(Exercise material begins)

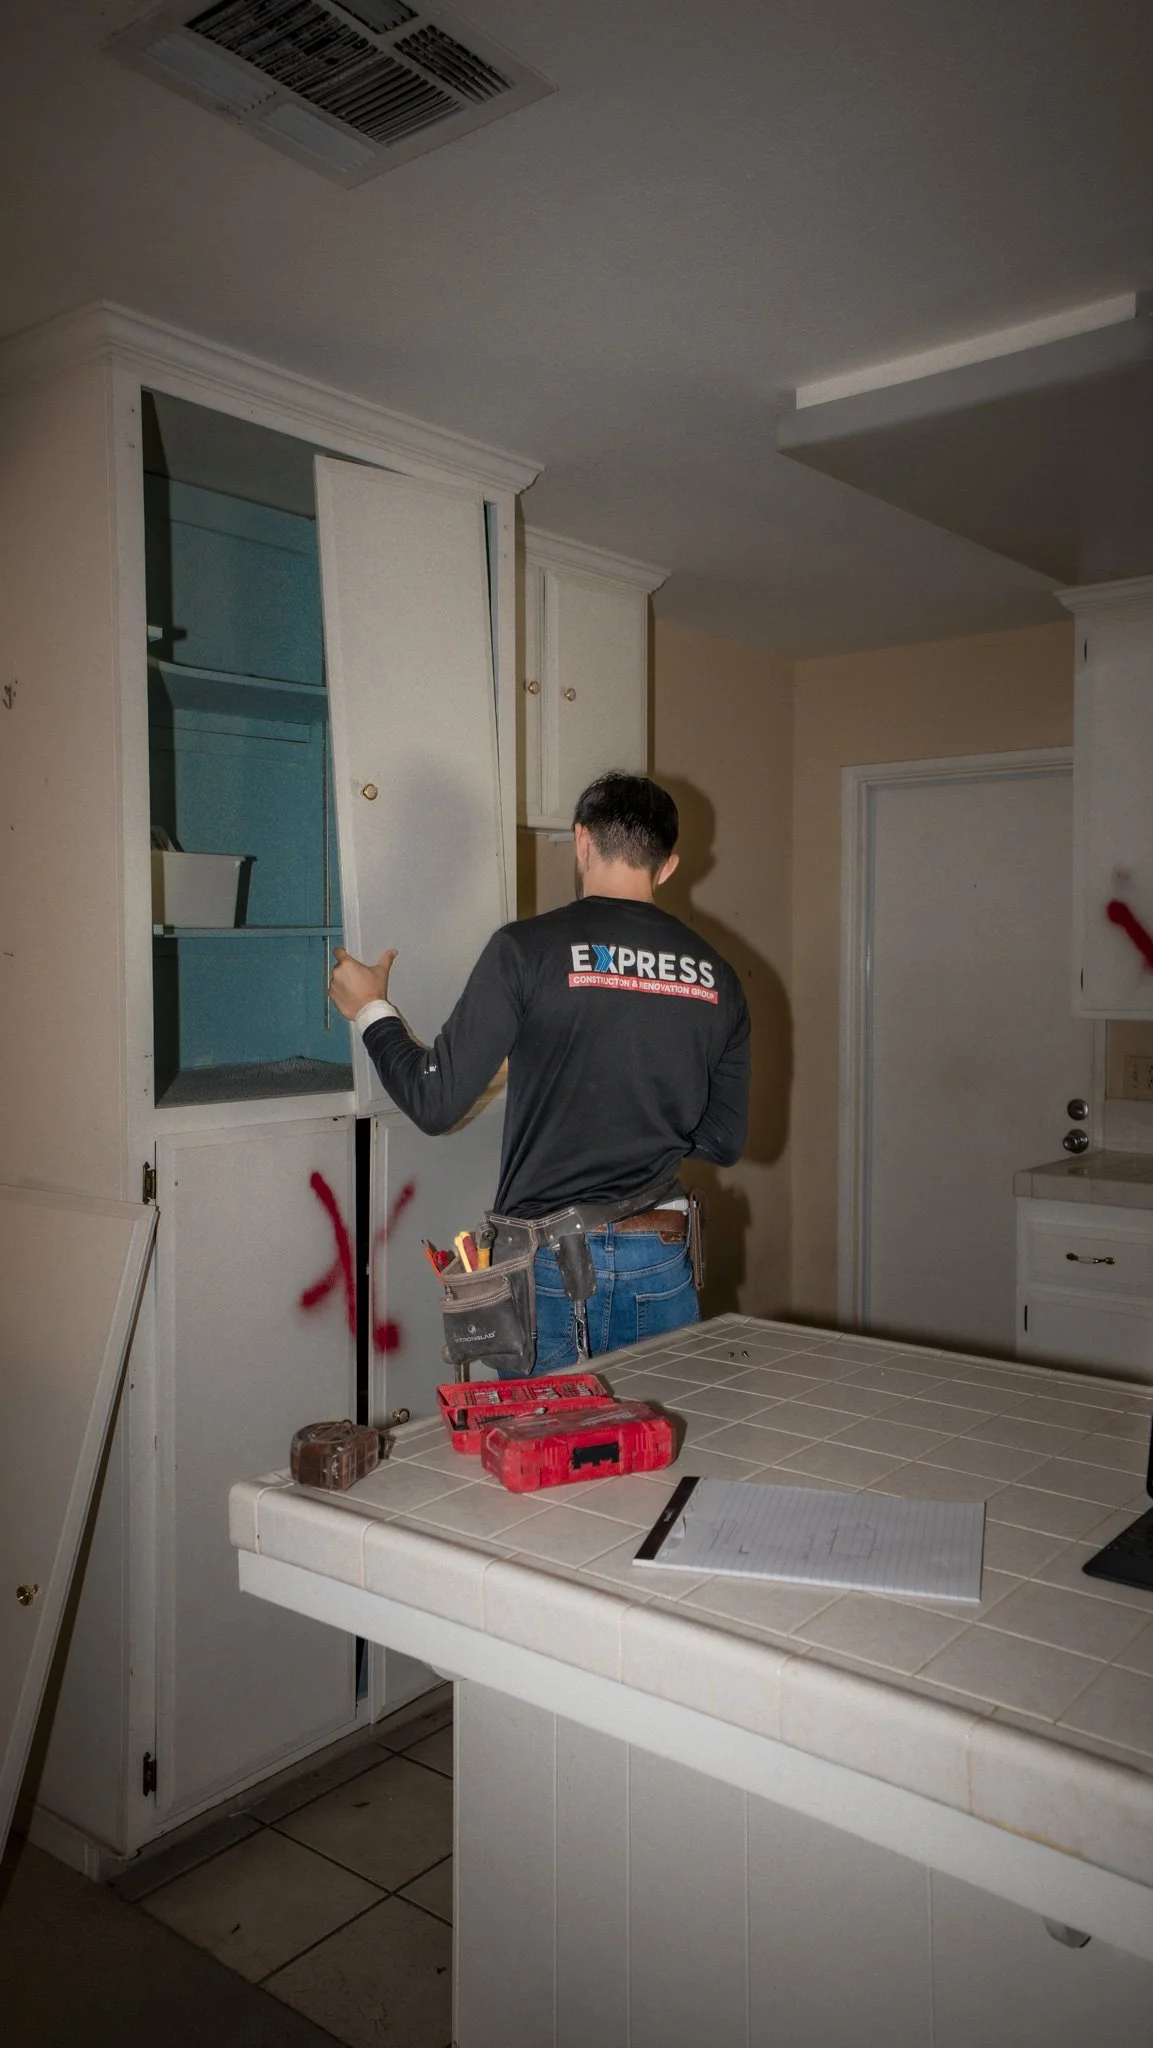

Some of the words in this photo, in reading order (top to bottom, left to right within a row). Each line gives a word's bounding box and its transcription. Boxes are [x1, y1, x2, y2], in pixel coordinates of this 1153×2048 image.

[571, 944, 715, 988] EXPRESS
[573, 976, 630, 987] CONSTRUCTON
[632, 980, 638, 988] &
[639, 981, 689, 995] RENOVATION
[691, 988, 715, 1000] GROUP
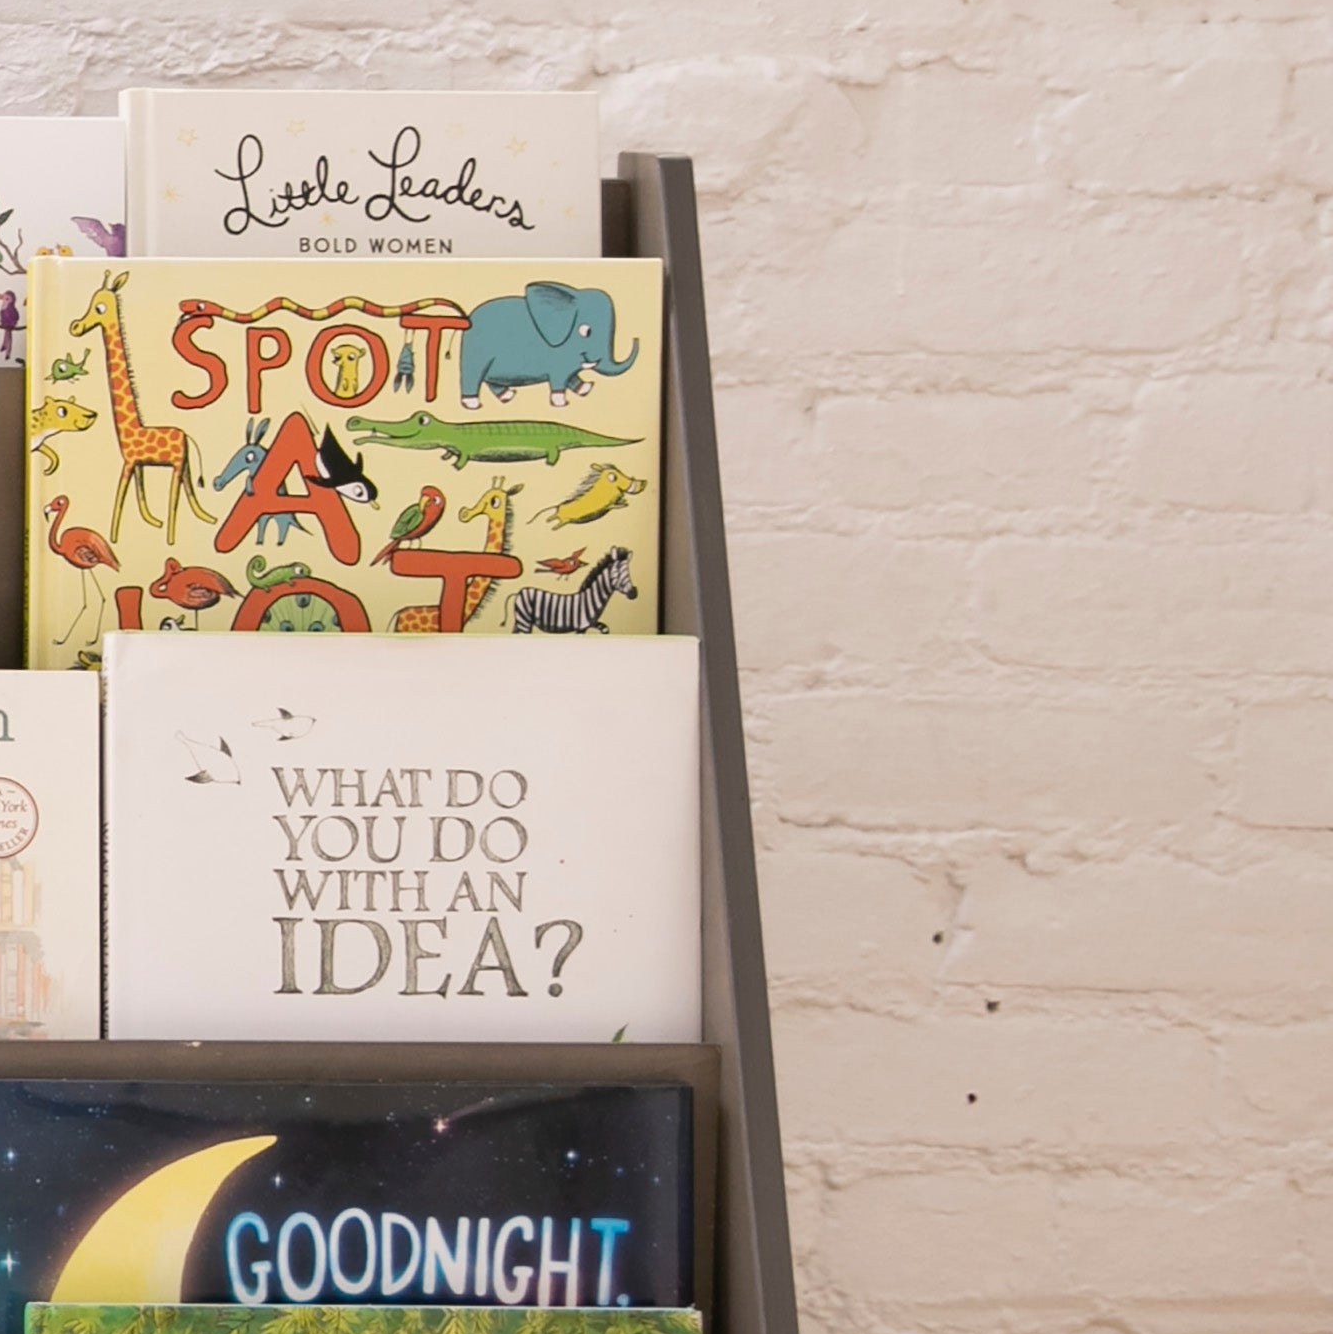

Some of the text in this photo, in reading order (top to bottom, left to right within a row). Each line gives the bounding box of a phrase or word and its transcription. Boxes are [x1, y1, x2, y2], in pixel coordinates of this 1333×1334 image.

(Exercise material ends)

**Problem:** Set down the entries above exactly; no pictures belong in the copy.

**Reply to the exercise:**
Some of the words in this photo, in reading order (top to bottom, left to right within a row). Each line gives a word's bounding box and its transcription. Boxes are [x1, y1, x2, y2], in pixel coordinates of this 1153×2048 image.

[571, 944, 715, 988] EXPRESS
[573, 976, 630, 987] CONSTRUCTON
[632, 980, 638, 988] &
[639, 981, 689, 995] RENOVATION
[691, 988, 715, 1000] GROUP

Some of the text in this photo, in reading order (top to bottom, left to right within a row). Each line gives the bounding box of a phrase or word and its transcription. Boxes are [x1, y1, x2, y2], in pixel coordinates of this 1333×1334 image.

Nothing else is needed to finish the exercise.